There were stalls nestled around the castle the way the lights were, not in rows but in odd spots, as if the stalls had grown there or alighted on random places like birds. There was one stall with ringing chimes that was set halfway up a ruined wall, so the customers had to climb sliding pieces of slate to get to it. There were more stalls set in the grassy hollows among the stones and nestled into the corners of the walls. One woman had actually turned a ruined wall into her stall, brightly colored jars arranged on the jagged, protruding shards of stone.

All through the fragments of a lost castle lit by magic moved the people of the Goblin Market. There was a man hanging up knives alongside wind chimes, which made dangerous and beautiful music as they rang together in the sea breeze. There was a boy who looked about twelve stirring something in a cauldron with a rich-smelling cloud hanging over it, and bark cups ranged along his stall.

There was a toddler who had just walked into Mae’s knee.

“Whoa,” said Mae, who had nothing against toddlers but didn’t know any personally and wasn’t that interested in the whole sticky children business.

The toddler, who had golden curls and wide blue eyes and looked like he had recently been eating grass, charged into her knee again, as if sheer willpower could remove this obstacle from his path.
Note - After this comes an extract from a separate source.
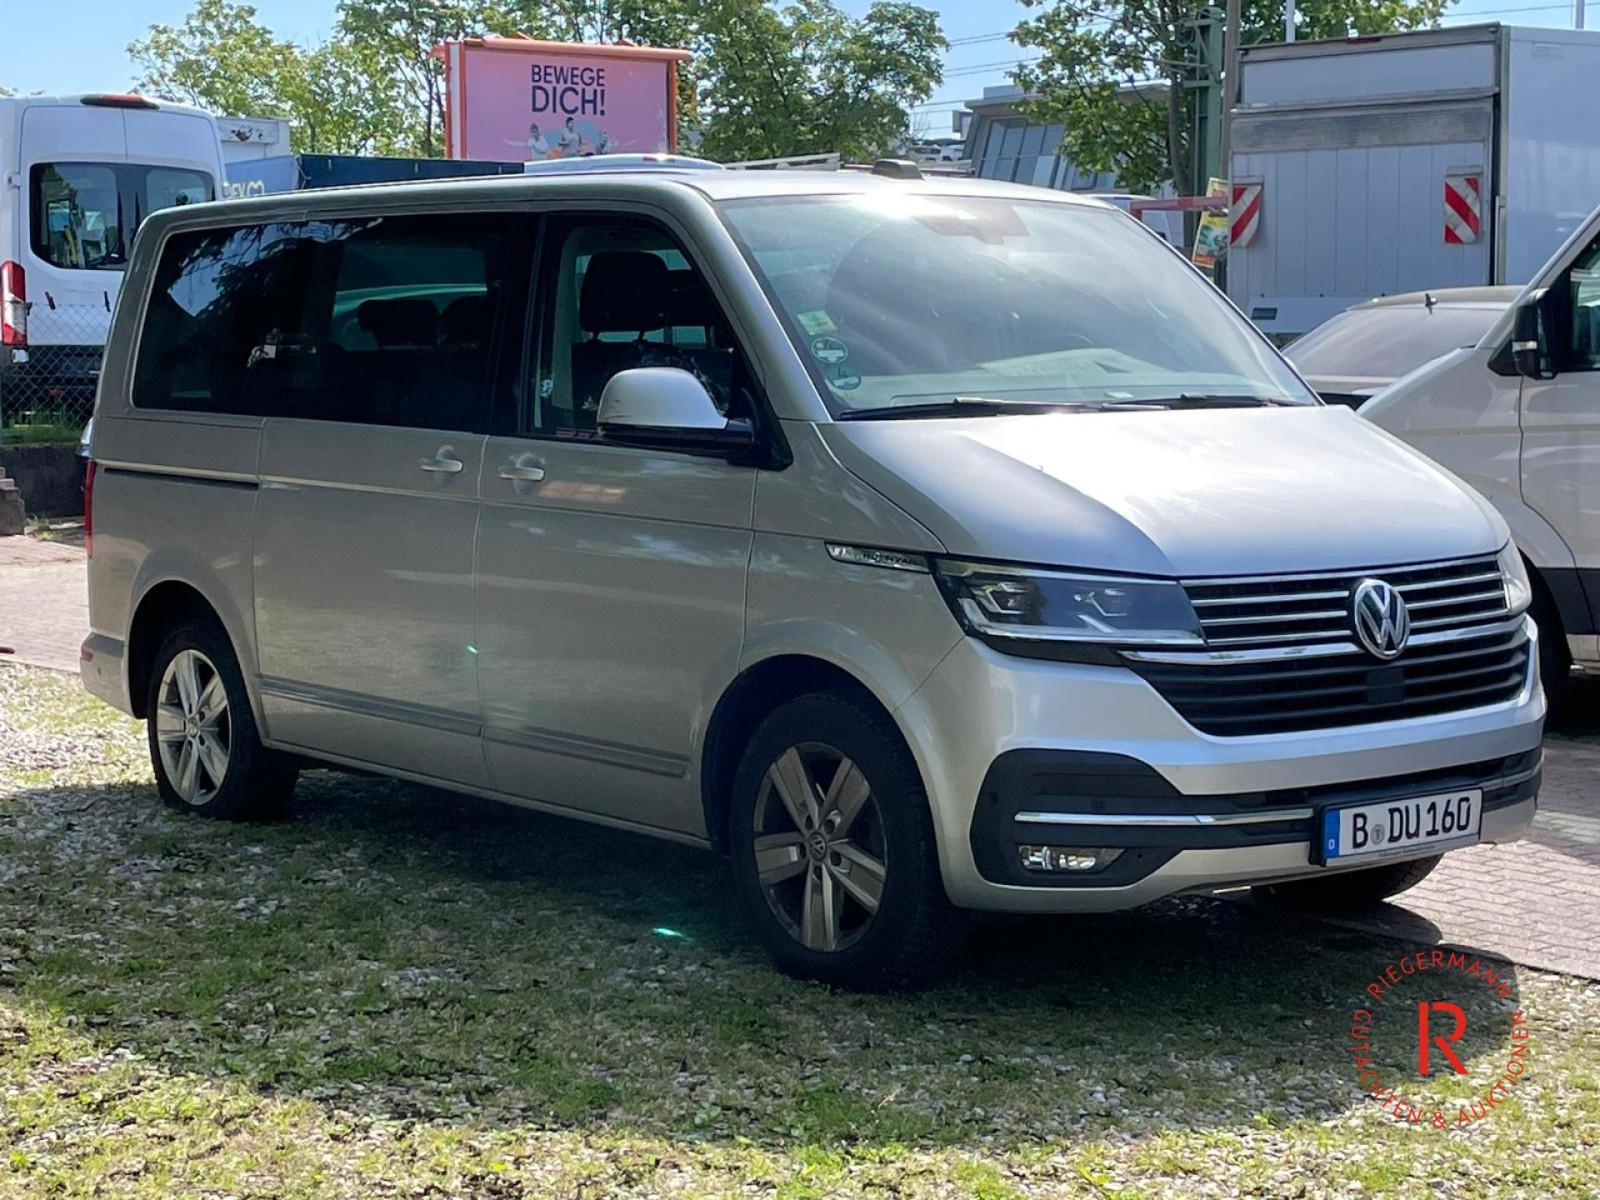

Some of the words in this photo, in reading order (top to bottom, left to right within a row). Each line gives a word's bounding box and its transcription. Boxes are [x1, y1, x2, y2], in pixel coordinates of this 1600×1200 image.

[531, 64, 606, 87] BEWEGE
[531, 85, 606, 116] DICH!
[1352, 812, 1369, 849] B
He looked mildly bewildered when he bounced off.

“That’s Toby,” said Alan’s voice behind her, making her jump. She’d almost forgotten he was there. “He’s the baby of the Davies family. And he’s a pest.”
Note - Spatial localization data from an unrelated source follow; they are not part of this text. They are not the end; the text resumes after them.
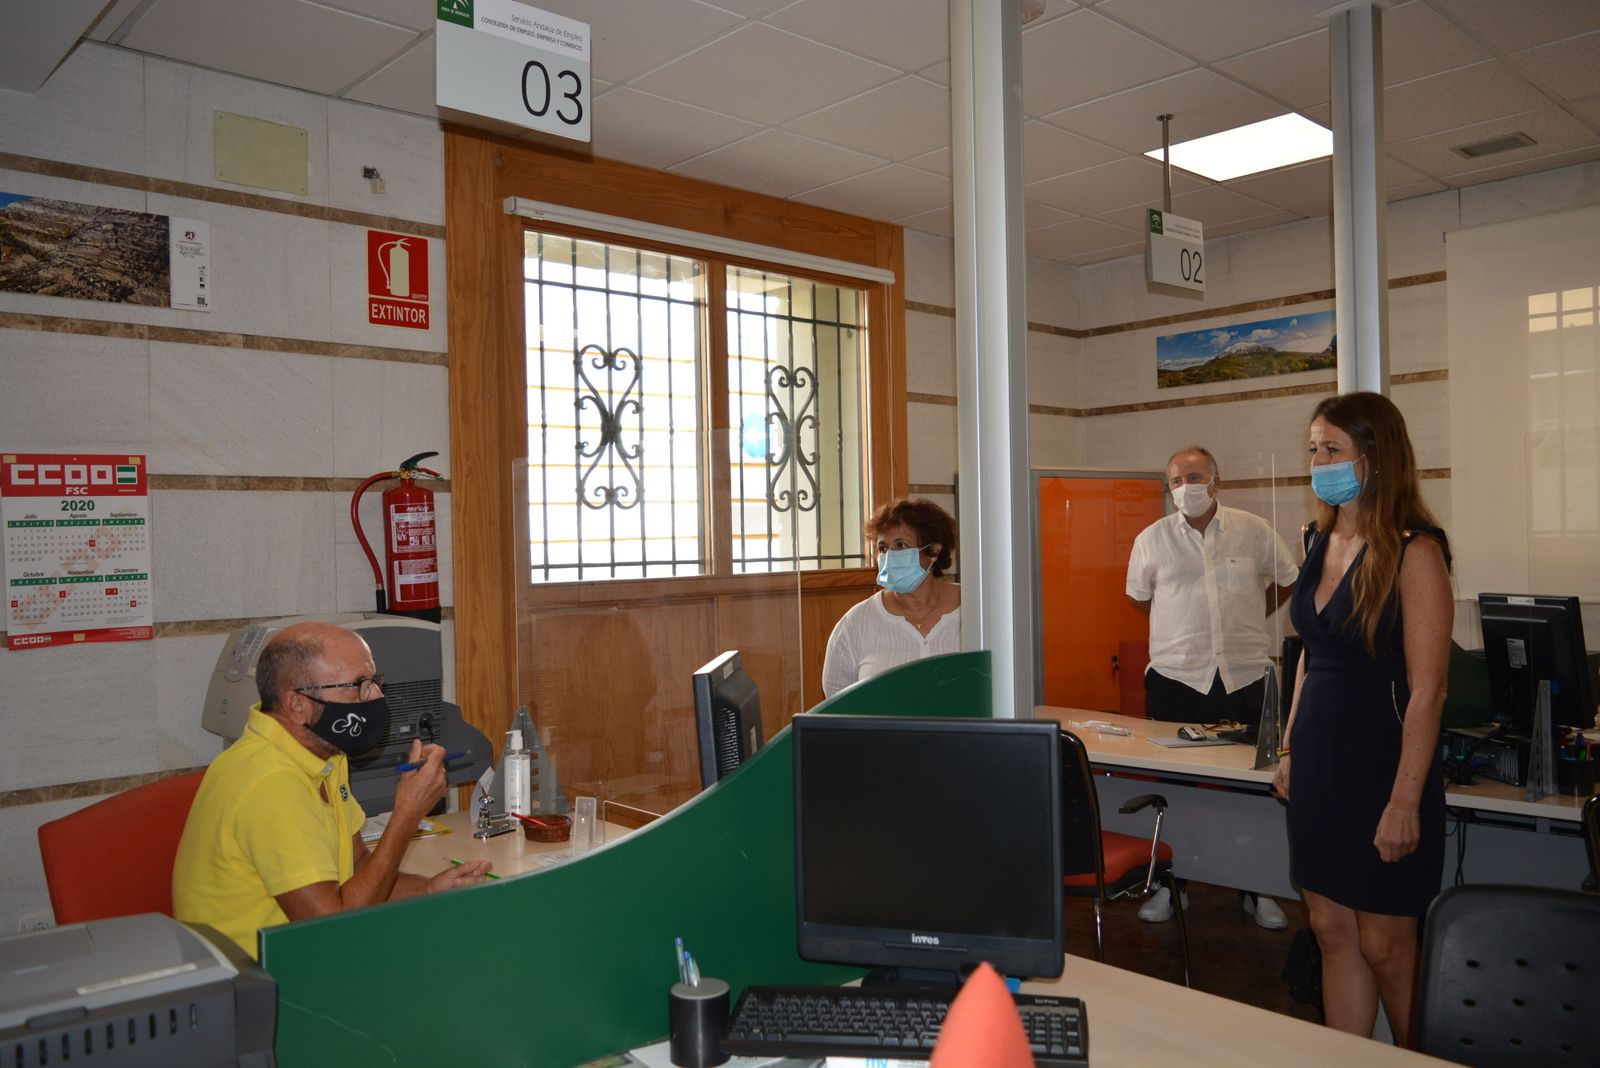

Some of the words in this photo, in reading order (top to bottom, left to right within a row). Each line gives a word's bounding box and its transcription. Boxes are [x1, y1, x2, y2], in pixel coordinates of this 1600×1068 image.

[511, 14, 533, 28] Servicio
[534, 20, 556, 34] Andaluz
[563, 29, 583, 43] Empleo
[536, 32, 556, 44] EMPRESA
[560, 38, 583, 52] COMERCIO
[521, 60, 583, 125] 03
[1180, 248, 1203, 284] 02
[371, 303, 426, 324] EXTINTOR
[10, 464, 114, 485] CCOO
[65, 487, 88, 495] FSC
[61, 500, 95, 511] 2020
[13, 636, 44, 646] CCOO
[911, 932, 940, 945] inves
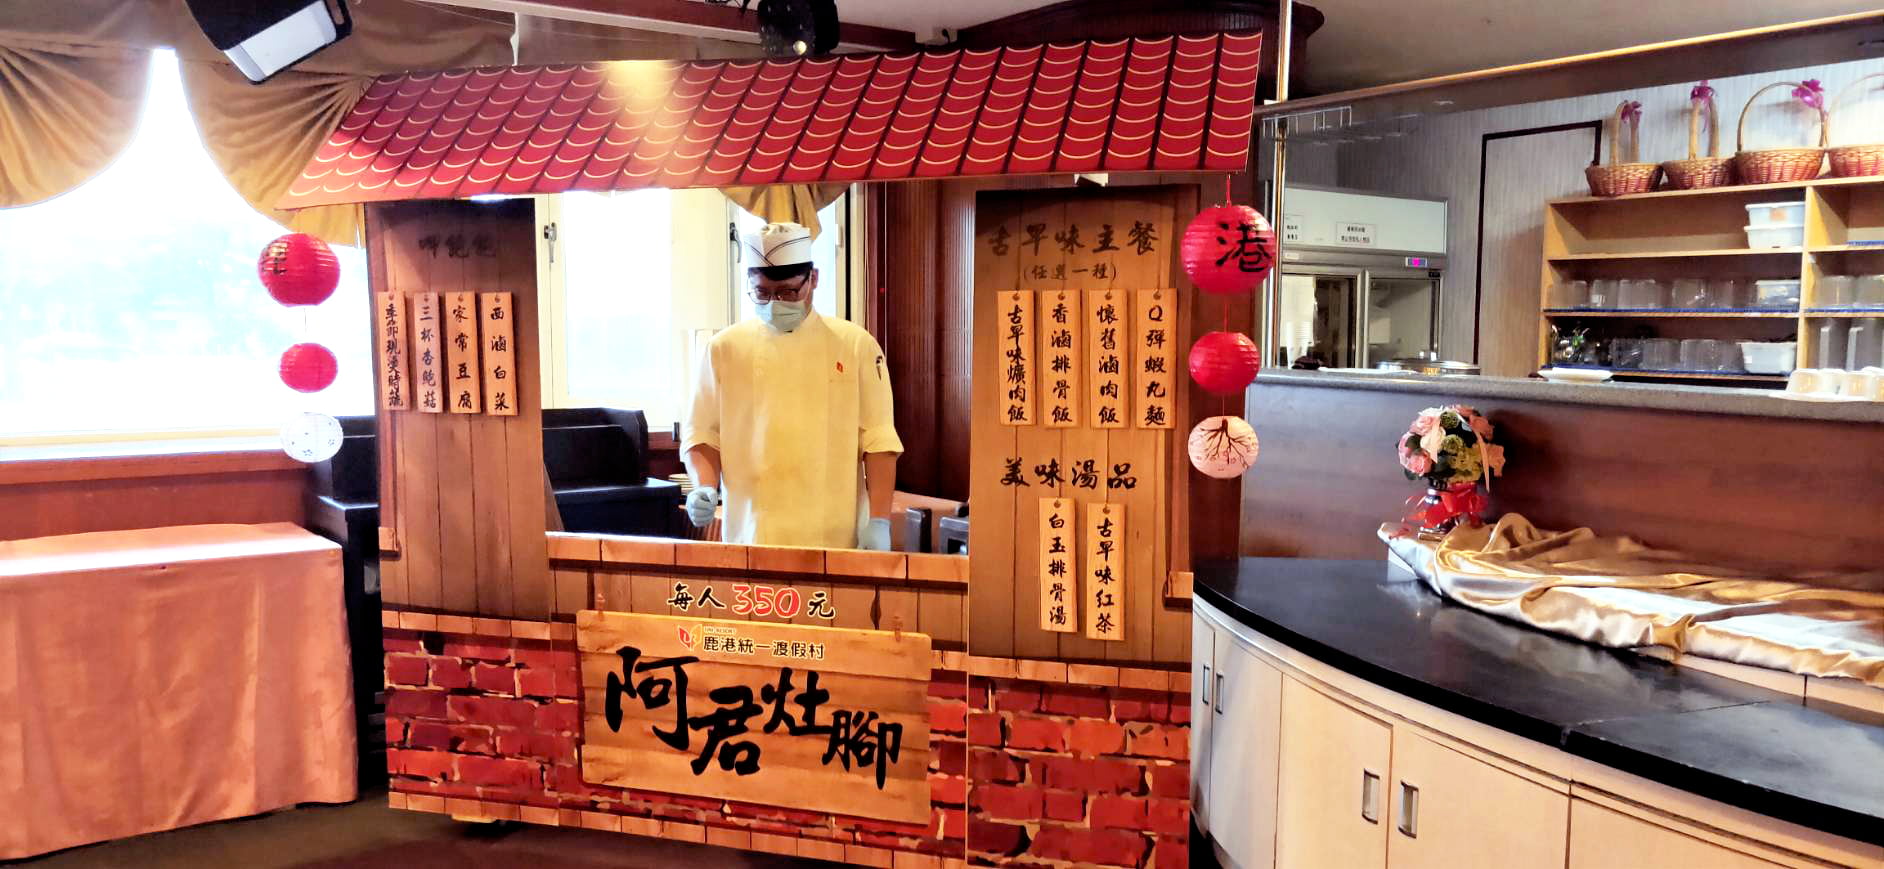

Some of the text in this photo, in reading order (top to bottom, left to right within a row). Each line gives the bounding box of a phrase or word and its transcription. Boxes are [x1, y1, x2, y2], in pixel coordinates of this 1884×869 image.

[988, 220, 1160, 256] 古早味主餐
[1216, 221, 1273, 273] 港
[420, 305, 437, 408] 三杯杏鮑菇
[452, 305, 473, 409] 家常豆腐
[490, 307, 510, 410] 西滷白菜
[1050, 303, 1073, 424] 香滷排骨飯
[1096, 304, 1120, 424] 懷舊滷肉飯
[1144, 306, 1167, 426] Q彈蝦丸麵
[1000, 457, 1137, 490] 美味湯品
[1048, 513, 1067, 626] 白玉排骨湯
[1095, 517, 1115, 634] 古早味紅茶
[703, 636, 825, 660] 鹿港統一渡假村
[604, 645, 904, 791] 阿君灶腳
Alan supported this statement by saying every word in a delighted, caressing voice that made even Mae turn to him and Toby laugh. He wasn’t looking at Mae but at the child, a smile making his narrow face shine like the ruined castle.

“He’s always escaping from his crib and making his sister worry herself sick. Aren’t you, you little fiend?”
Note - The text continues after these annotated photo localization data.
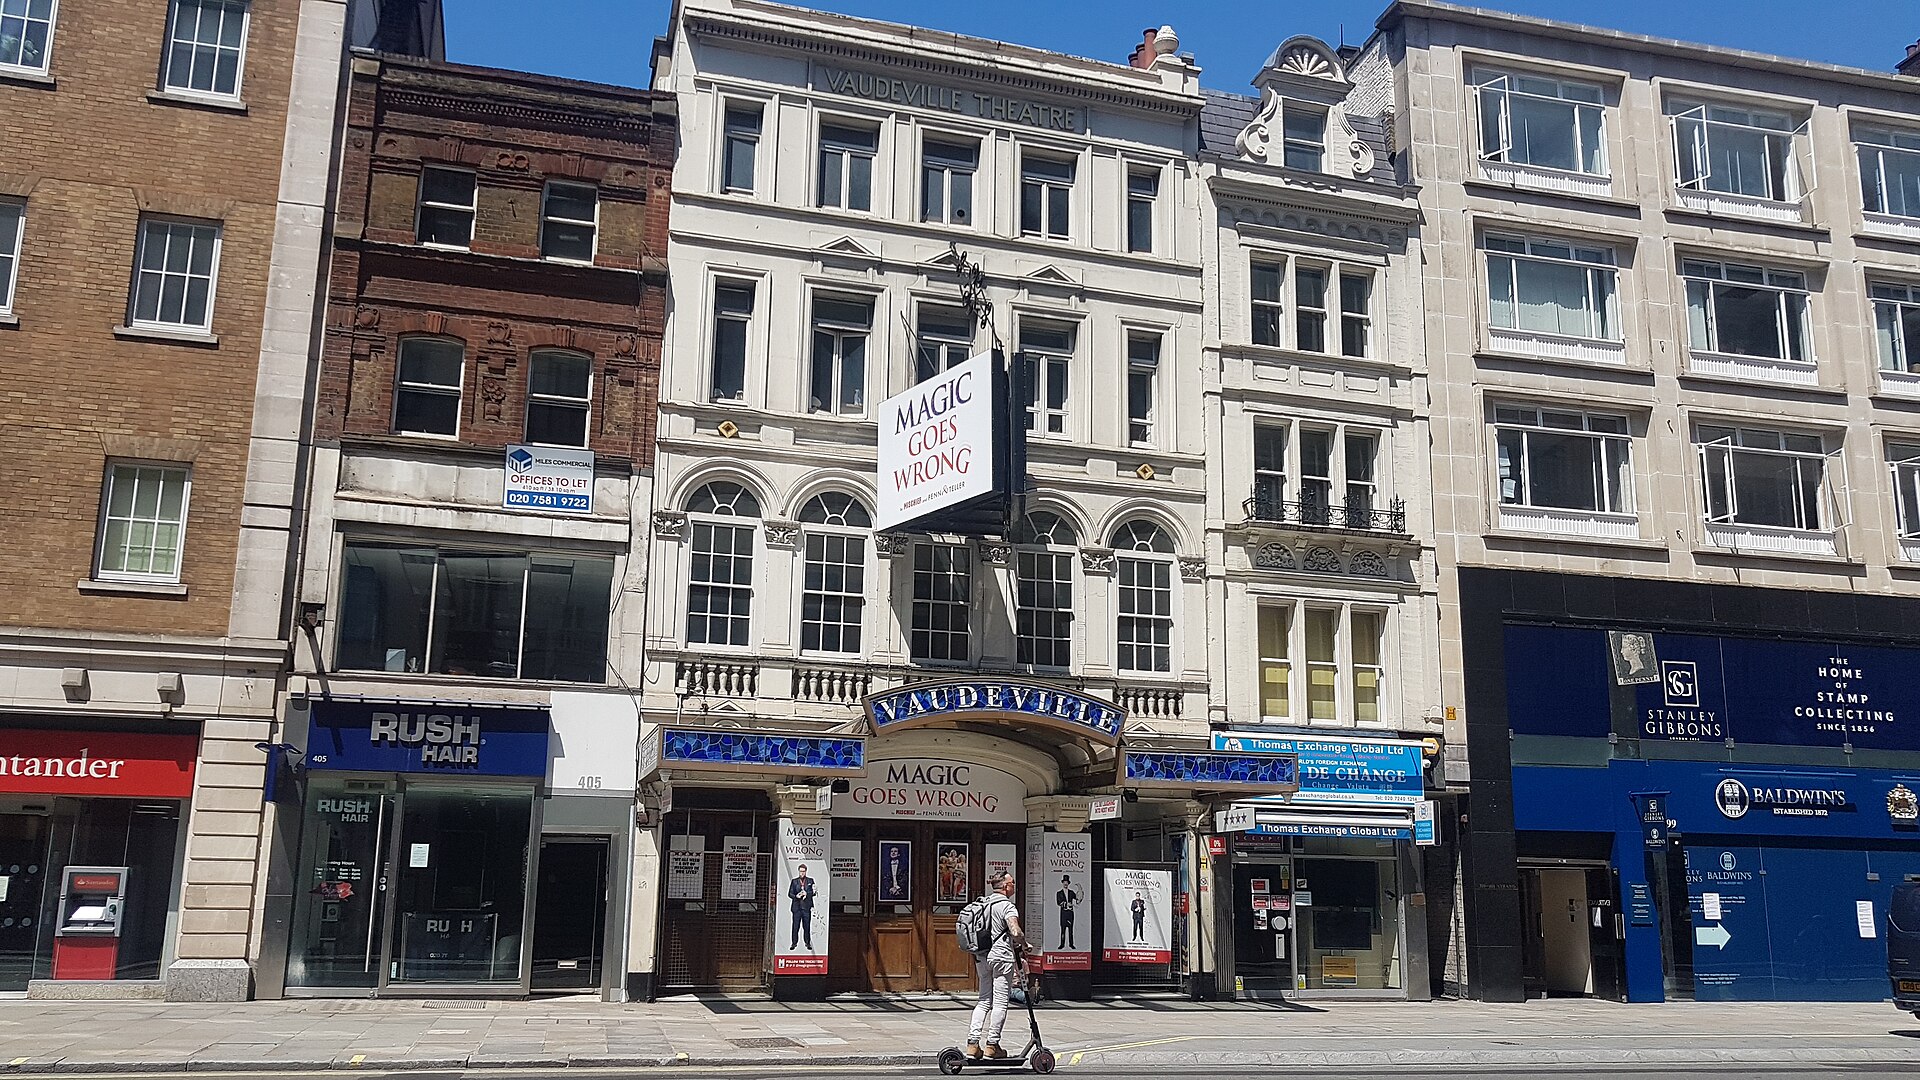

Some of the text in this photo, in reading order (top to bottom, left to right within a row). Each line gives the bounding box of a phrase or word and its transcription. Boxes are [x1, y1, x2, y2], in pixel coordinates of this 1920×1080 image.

[825, 69, 1075, 131] VAUDEVILLE THEATRE
[894, 372, 972, 436] MAGIC
[908, 414, 957, 456] GOES
[894, 446, 971, 492] WRONG
[511, 474, 587, 488] OFFICES TO LET
[510, 494, 586, 507] 020 7581 9722
[1818, 667, 1862, 678] HOME
[1817, 692, 1868, 704] STAMP
[880, 684, 1116, 731] VAUDEVILLE
[1794, 706, 1894, 721] COLLECTING
[1648, 710, 1715, 722] STANLEY
[370, 712, 480, 745] RUSH
[1646, 721, 1721, 736] GIBBONS
[1817, 723, 1846, 731] SINCE
[1251, 740, 1403, 754] Thomas Exchange Global Ltd
[312, 755, 327, 763] 405
[421, 745, 477, 763] HAIR
[886, 763, 970, 786] MAGIC
[1306, 766, 1330, 779] DE
[1336, 768, 1406, 782] CHANGE
[578, 776, 601, 789] 405
[1312, 782, 1339, 790] Change
[853, 787, 906, 804] GOES
[916, 790, 998, 813] WRONG
[1752, 788, 1846, 806] BALDWIN'S
[317, 800, 370, 813] RUSH
[341, 814, 368, 822] HAIR
[787, 828, 824, 837] MAGIC
[1261, 824, 1299, 833] Thomas
[1302, 825, 1347, 836] Exchange
[1350, 826, 1380, 835] Global
[786, 846, 824, 856] WRONG
[1050, 841, 1085, 850] MAGIC
[1050, 860, 1084, 869] WRONG
[1707, 872, 1752, 880] BALDWIN'S
[1134, 880, 1160, 888] WRONG
[426, 920, 472, 932] RUH
Toby beamed with the wide, somewhat crazy grin kids got, and lifted his arms to be picked up. Alan did so at once, the baby cradled carefully in the crook of one elbow, his head bowed down over the smaller head.

“You really like children, huh,” Mae said, mystified but charmed as well. There was no denying that Alan with a kid was about as adorable as a basket of kittens wearing tiny kitten bonnets, and it also meant that she wasn’t going to have to mind Toby.

It occurred to her that this might be why women went for men who were good with kids: It meant they wouldn’t have to be.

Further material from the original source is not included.